Instructions to follow => Please retype the records below exactly, omitting any images.

--- Available data ---

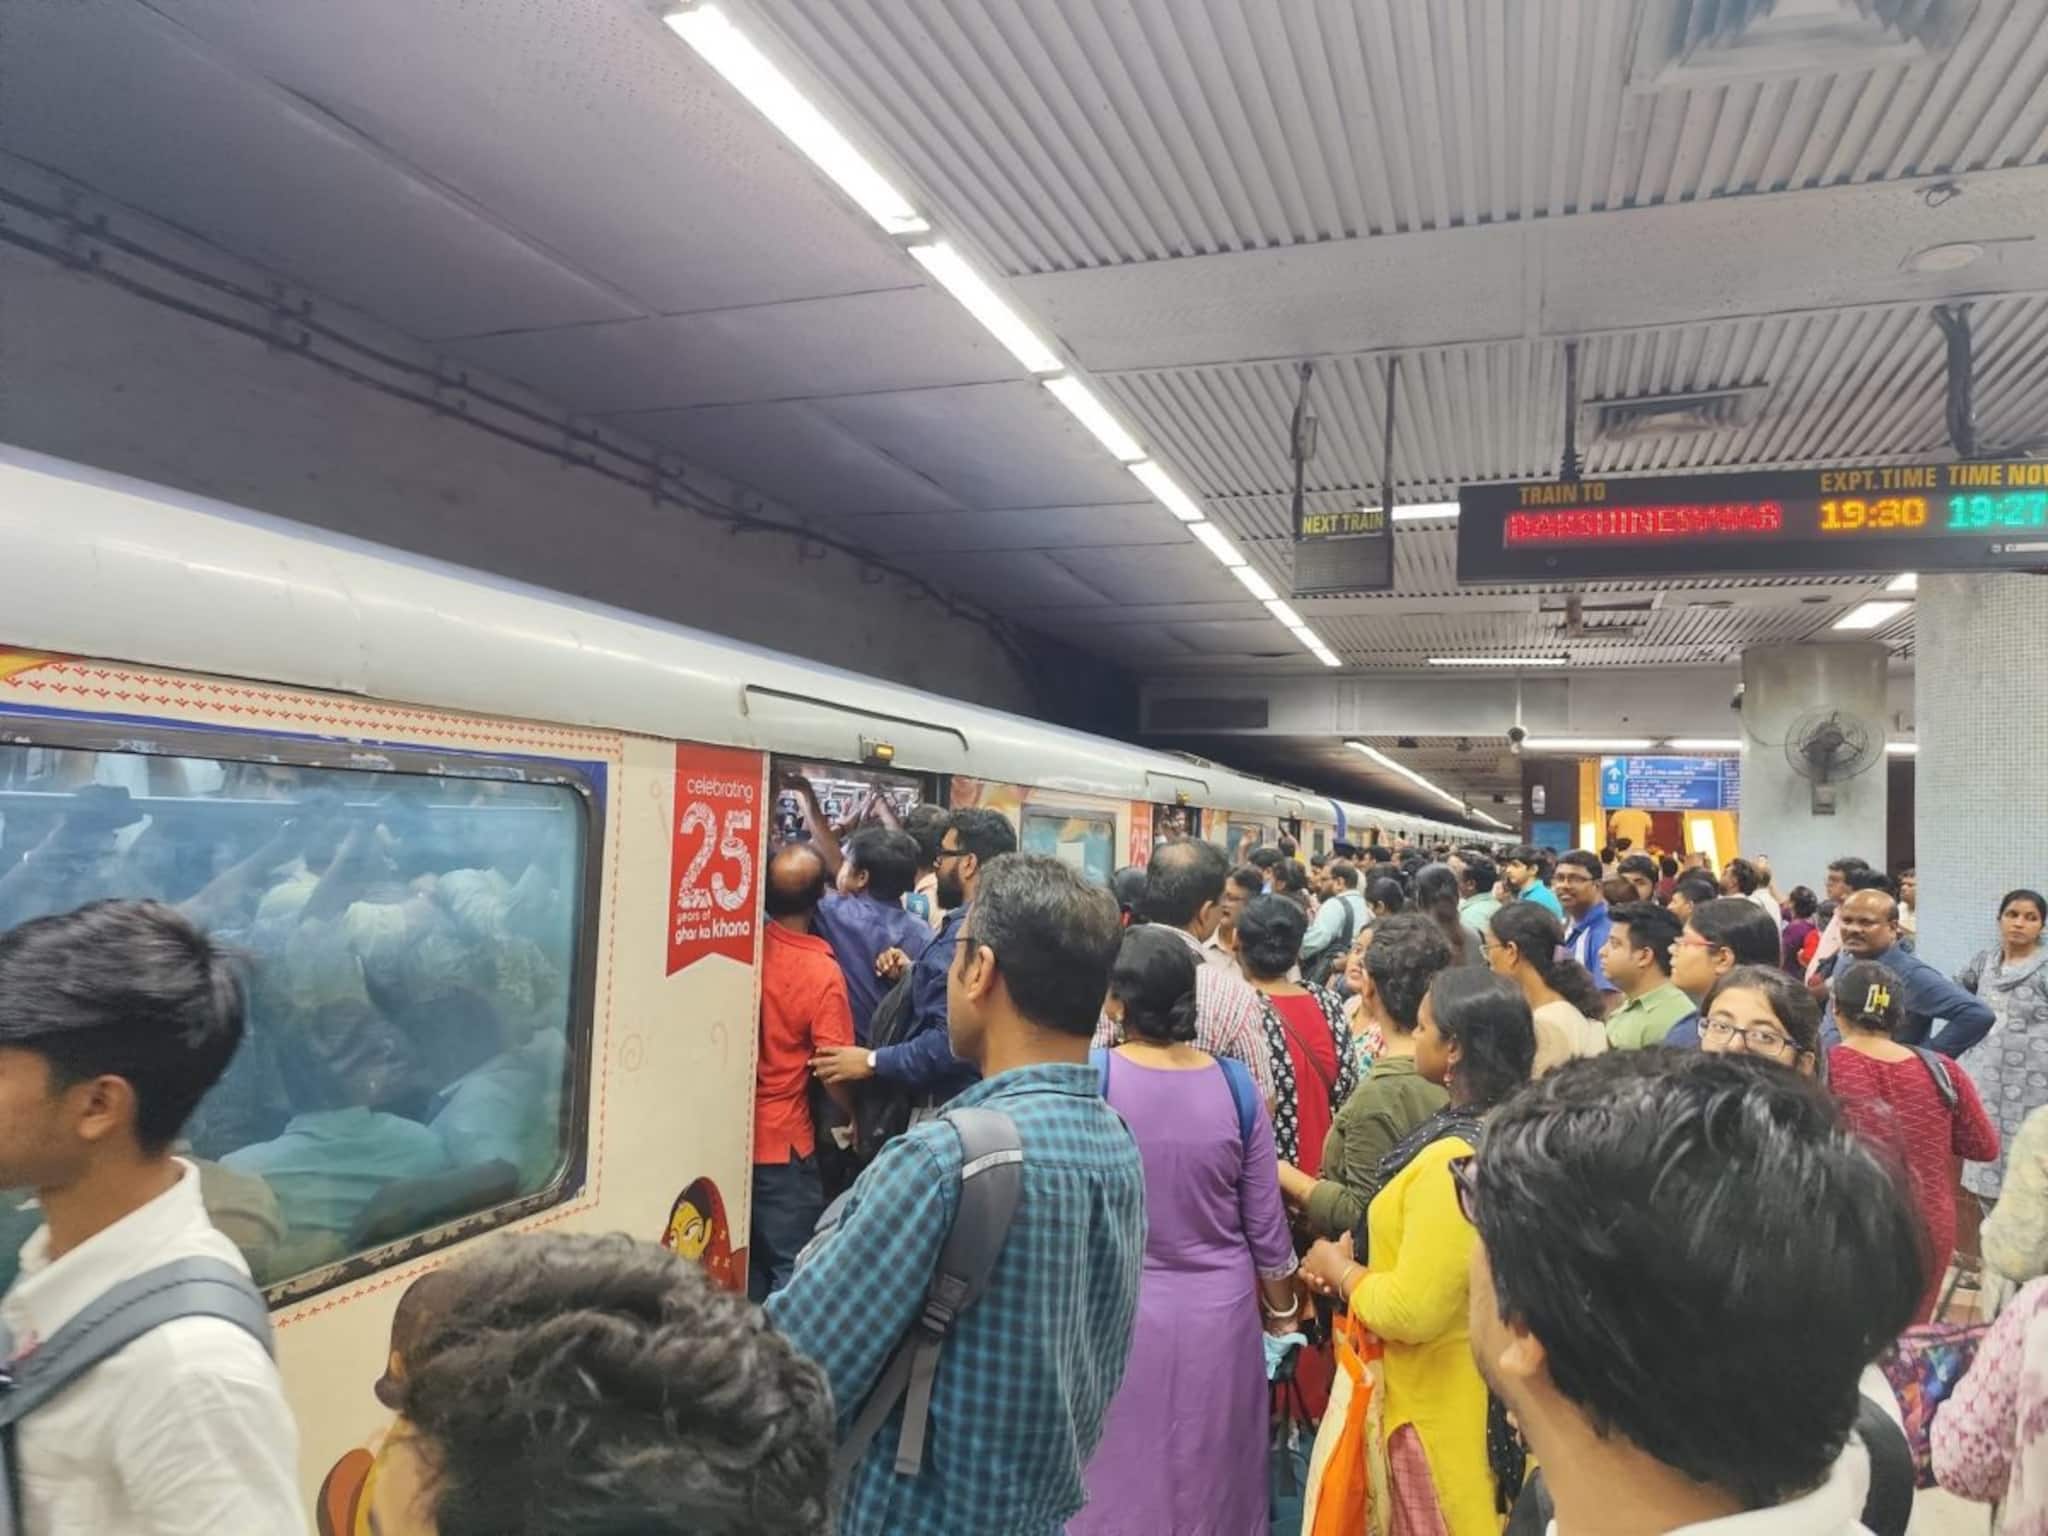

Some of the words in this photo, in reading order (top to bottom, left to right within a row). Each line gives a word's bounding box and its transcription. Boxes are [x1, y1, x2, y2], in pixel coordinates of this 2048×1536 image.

[1948, 464, 2002, 486] TIME
[1519, 484, 1577, 505] TRAIN
[1583, 482, 1606, 502] TO
[1302, 513, 1338, 534] NEXT
[1342, 510, 1383, 531] TRAIN
[1820, 496, 1927, 529] 19:30
[1948, 491, 2048, 528] 19:27
[687, 774, 754, 804] celebrating
[677, 801, 752, 912] 25
[675, 925, 697, 944] ghar
[698, 922, 711, 940] ka
[712, 917, 750, 937] khana
[676, 911, 700, 926] years
[702, 908, 711, 920] of
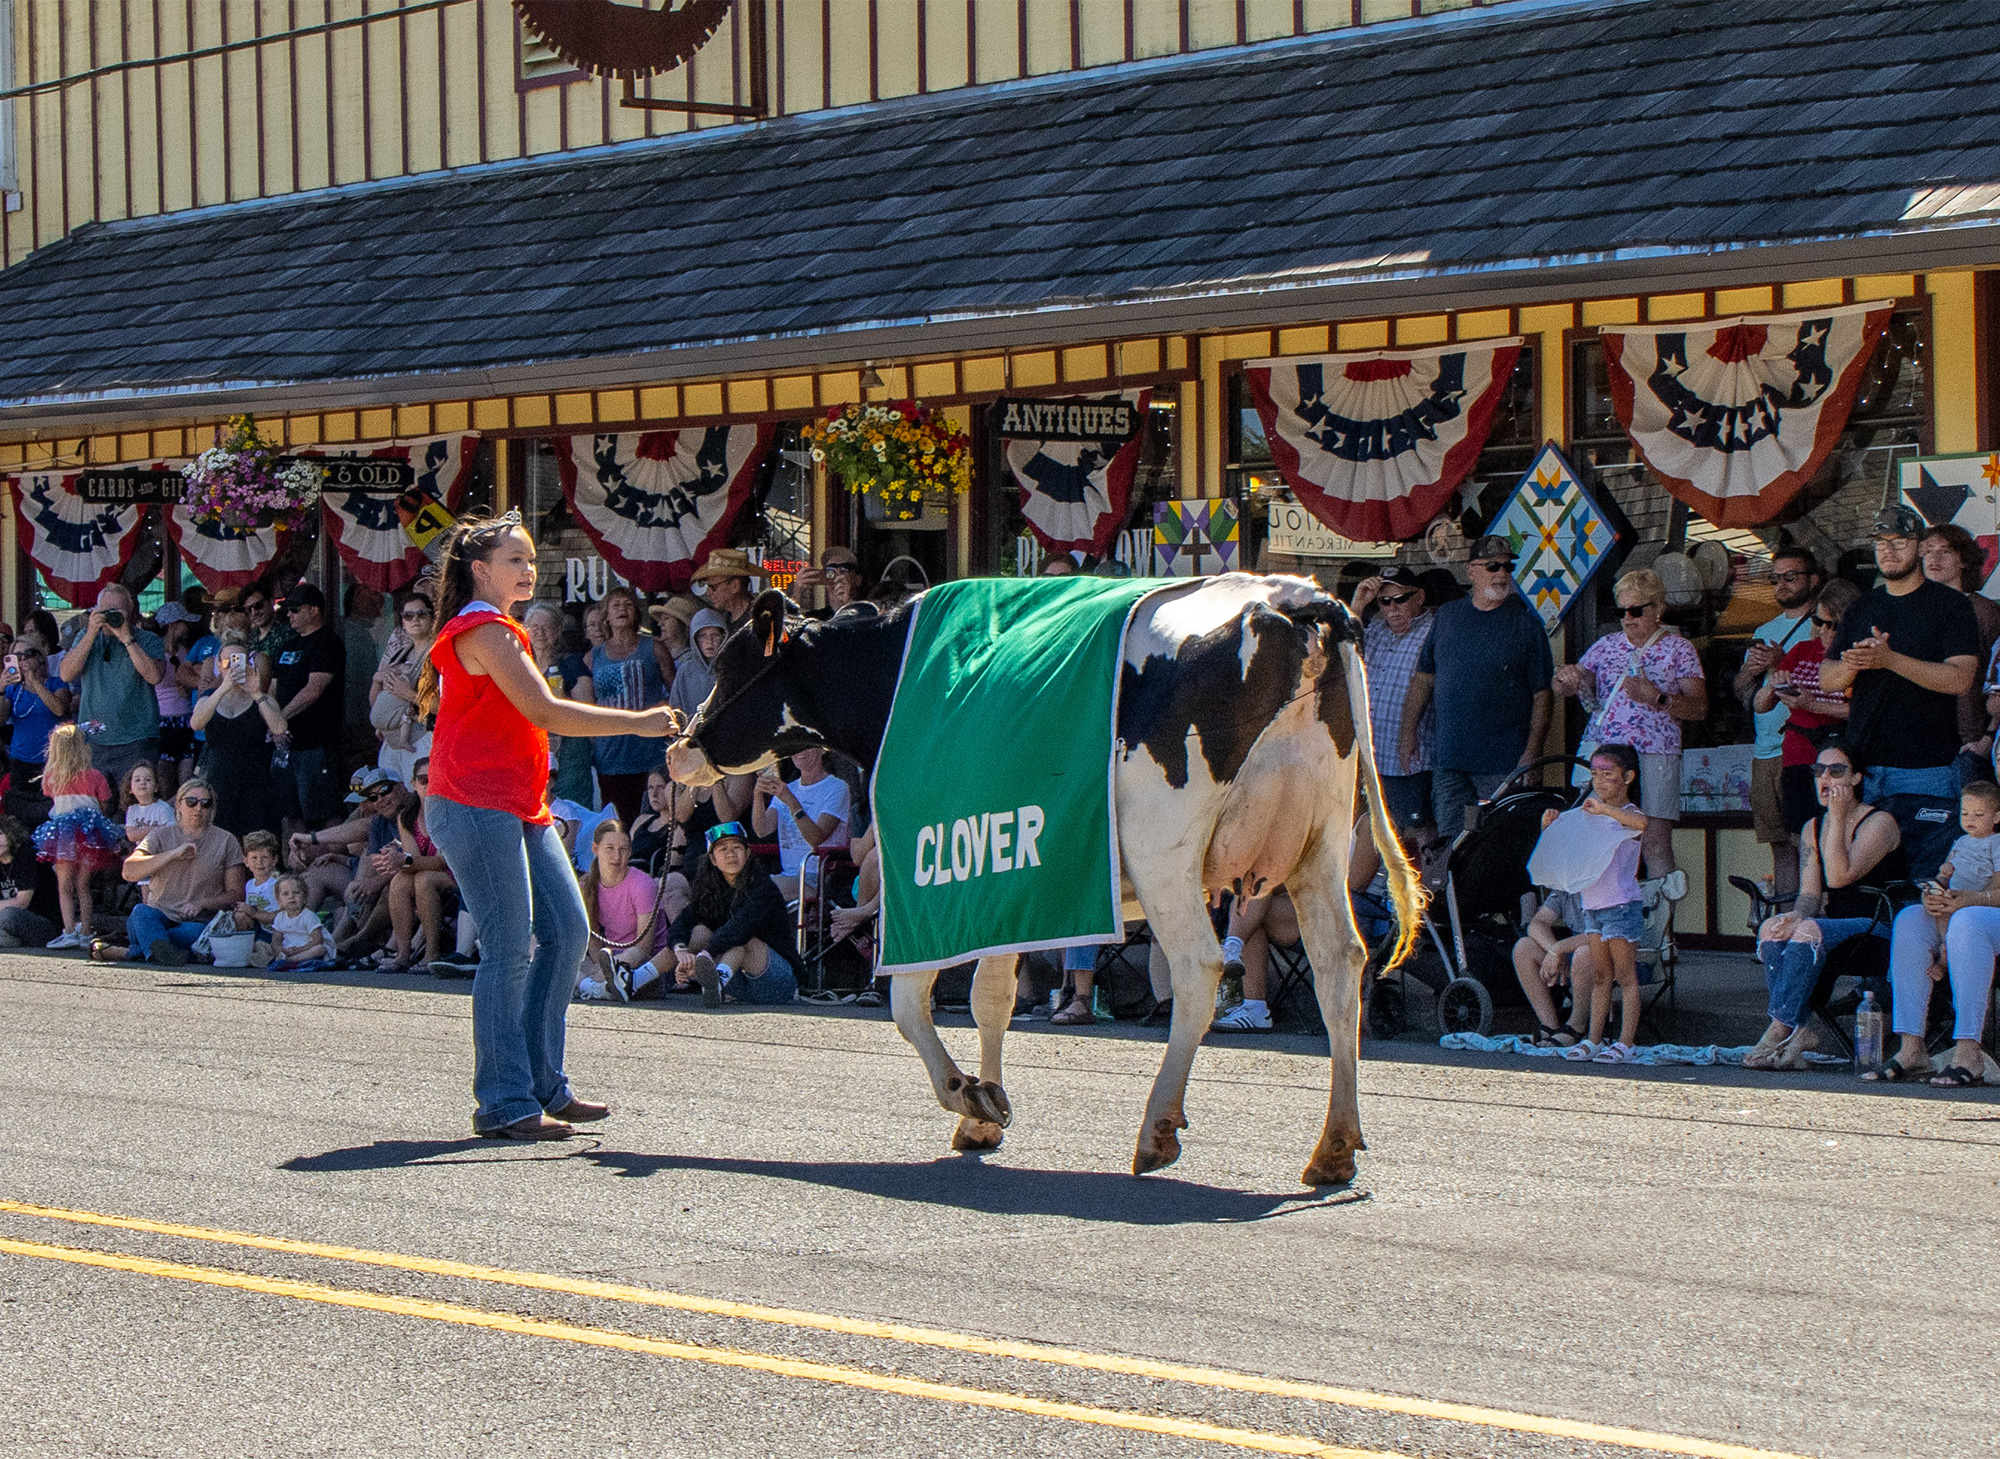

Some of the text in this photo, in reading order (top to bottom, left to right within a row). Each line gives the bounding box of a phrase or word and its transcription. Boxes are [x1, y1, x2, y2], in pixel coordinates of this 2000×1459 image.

[1002, 403, 1129, 435] ANTIQUES
[337, 466, 400, 484] & OLD
[88, 478, 134, 498] CARDS
[162, 478, 184, 497] GIF
[763, 559, 807, 572] WELCO
[914, 805, 1045, 887] CLOVER
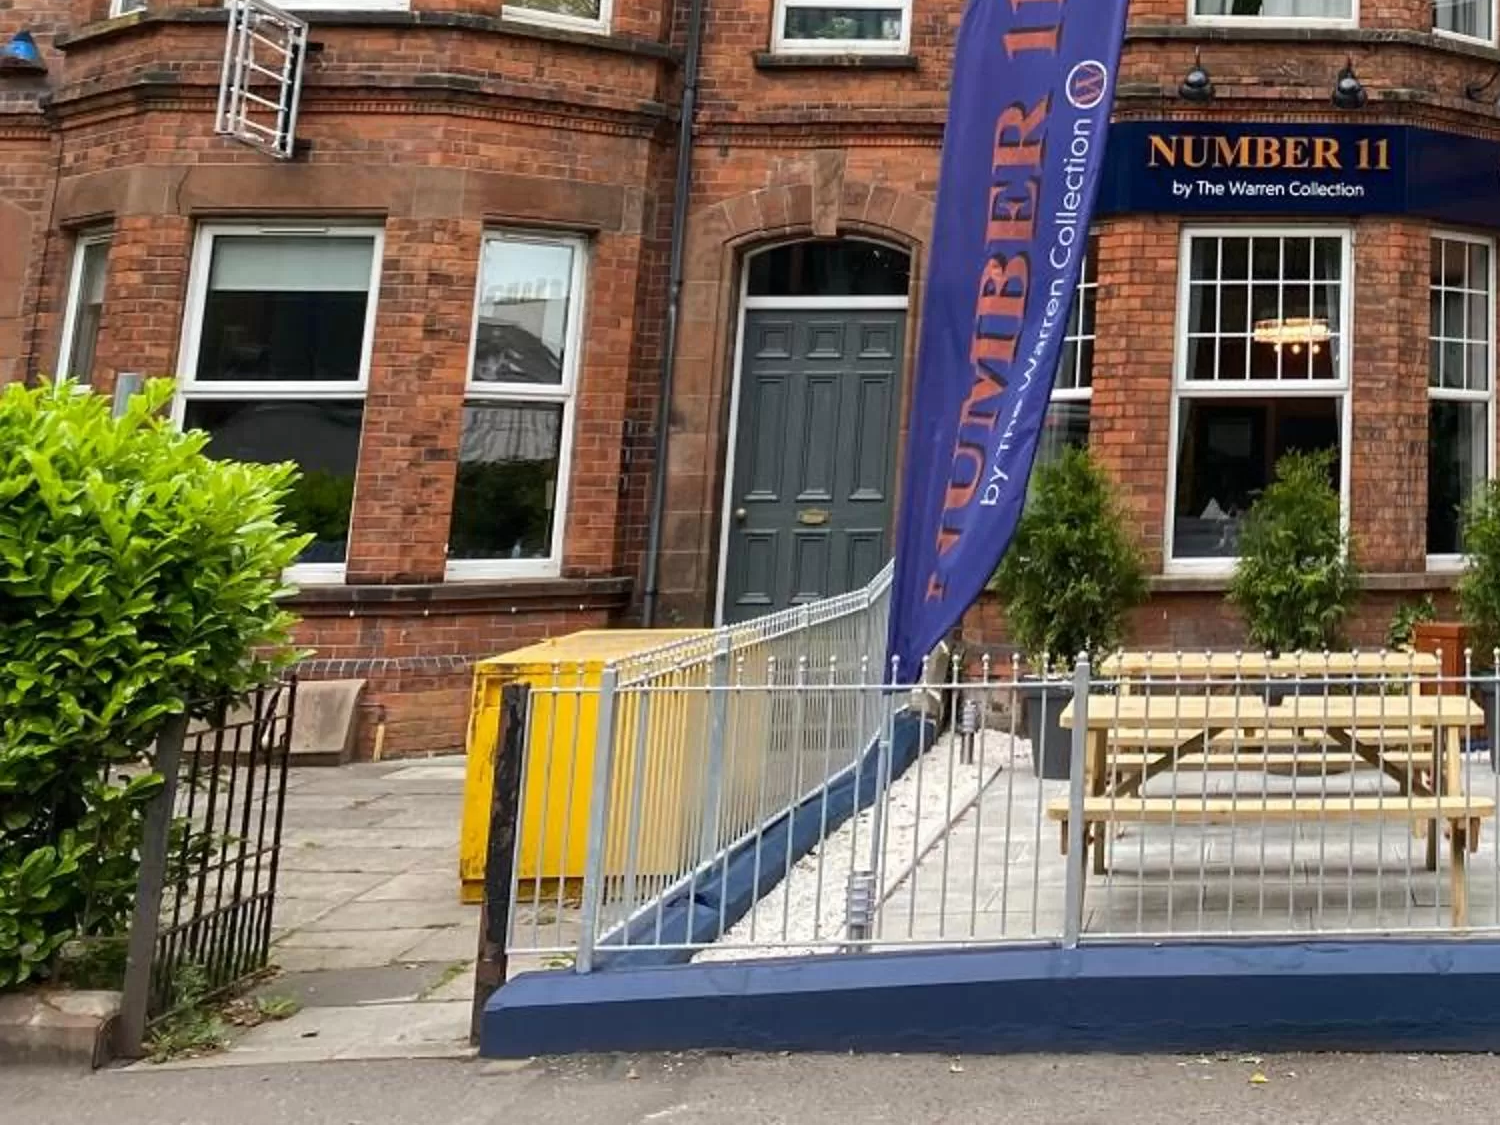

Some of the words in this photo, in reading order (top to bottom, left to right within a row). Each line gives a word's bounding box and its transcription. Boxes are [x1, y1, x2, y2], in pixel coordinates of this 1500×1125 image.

[1147, 133, 1343, 169] NUMBER
[1353, 137, 1393, 171] 11
[1172, 178, 1193, 199] by
[1196, 180, 1226, 196] The
[1229, 181, 1286, 196] Warren
[1288, 181, 1365, 198] Collection
[979, 463, 1010, 507] by
[1050, 118, 1092, 269] Collection

---

The completed task =>
Some of the words in this photo, in reading order (top to bottom, left to right within a row). Each line gives a word's bounding box and its transcription. Boxes are [x1, y1, x2, y2], in pixel coordinates of this 2048×1536 image.

[1948, 464, 2002, 486] TIME
[1519, 484, 1577, 505] TRAIN
[1583, 482, 1606, 502] TO
[1302, 513, 1338, 534] NEXT
[1342, 510, 1383, 531] TRAIN
[1820, 496, 1927, 529] 19:30
[1948, 491, 2048, 528] 19:27
[687, 774, 754, 804] celebrating
[677, 801, 752, 912] 25
[675, 925, 697, 944] ghar
[698, 922, 711, 940] ka
[712, 917, 750, 937] khana
[676, 911, 700, 926] years
[702, 908, 711, 920] of

Some of the text in this photo, in reading order (top to bottom, left to right within a row). Each line gives the bounding box of a phrase or word and its transcription. Boxes are [x1, y1, x2, y2], in pixel coordinates of this 2000×1459 image.

[1002, 403, 1129, 435] ANTIQUES
[337, 466, 400, 484] & OLD
[88, 478, 134, 498] CARDS
[162, 478, 184, 497] GIF
[763, 559, 807, 572] WELCO
[914, 805, 1045, 887] CLOVER

Some of the words in this photo, in reading order (top to bottom, left to right within a row). Each line gives a word's bounding box and its transcription. Boxes are [x1, y1, x2, y2], in pixel coordinates of this 1500×1125 image.

[1147, 133, 1343, 169] NUMBER
[1353, 137, 1393, 171] 11
[1172, 178, 1193, 199] by
[1196, 180, 1226, 196] The
[1229, 181, 1286, 196] Warren
[1288, 181, 1365, 198] Collection
[979, 463, 1010, 507] by
[1050, 118, 1092, 269] Collection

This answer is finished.